> [THE TASK]
Starting at the line that contains "this 1707×1280 image.", return every line through the end of the entries below, exactly and with nothing else.

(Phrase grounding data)
____
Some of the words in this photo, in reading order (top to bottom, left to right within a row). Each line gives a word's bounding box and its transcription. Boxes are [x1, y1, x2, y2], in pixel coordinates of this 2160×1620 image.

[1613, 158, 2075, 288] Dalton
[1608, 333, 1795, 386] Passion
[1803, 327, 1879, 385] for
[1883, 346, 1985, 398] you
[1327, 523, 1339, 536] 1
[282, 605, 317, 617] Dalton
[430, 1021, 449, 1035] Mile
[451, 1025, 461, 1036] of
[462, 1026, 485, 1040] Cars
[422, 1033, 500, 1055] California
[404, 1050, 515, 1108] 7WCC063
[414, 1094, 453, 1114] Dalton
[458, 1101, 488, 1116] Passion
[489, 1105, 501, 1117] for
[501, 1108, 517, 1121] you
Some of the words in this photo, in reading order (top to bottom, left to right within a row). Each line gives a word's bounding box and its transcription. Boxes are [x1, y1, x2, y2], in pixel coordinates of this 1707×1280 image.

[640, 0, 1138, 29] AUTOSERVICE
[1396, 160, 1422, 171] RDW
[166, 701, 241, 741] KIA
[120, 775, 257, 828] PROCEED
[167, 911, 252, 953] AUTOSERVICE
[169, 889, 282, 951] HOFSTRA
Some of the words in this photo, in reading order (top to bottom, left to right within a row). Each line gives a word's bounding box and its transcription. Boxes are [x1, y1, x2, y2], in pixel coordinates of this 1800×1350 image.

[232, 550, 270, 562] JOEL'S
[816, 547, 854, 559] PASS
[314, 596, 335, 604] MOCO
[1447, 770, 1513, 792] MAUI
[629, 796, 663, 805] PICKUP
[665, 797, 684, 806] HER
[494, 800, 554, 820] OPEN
____
> [RESULT OF THE TASK]
Some of the words in this photo, in reading order (top to bottom, left to right within a row). Each line gives a word's bounding box and its transcription. Boxes are [x1, y1, x2, y2], in pixel coordinates of this 1707×1280 image.

[640, 0, 1138, 29] AUTOSERVICE
[1396, 160, 1422, 171] RDW
[166, 701, 241, 741] KIA
[120, 775, 257, 828] PROCEED
[167, 911, 252, 953] AUTOSERVICE
[169, 889, 282, 951] HOFSTRA
Some of the words in this photo, in reading order (top to bottom, left to right within a row). Each line gives a word's bounding box and its transcription. Boxes are [x1, y1, x2, y2], in pixel coordinates of this 1800×1350 image.

[232, 550, 270, 562] JOEL'S
[816, 547, 854, 559] PASS
[314, 596, 335, 604] MOCO
[1447, 770, 1513, 792] MAUI
[629, 796, 663, 805] PICKUP
[665, 797, 684, 806] HER
[494, 800, 554, 820] OPEN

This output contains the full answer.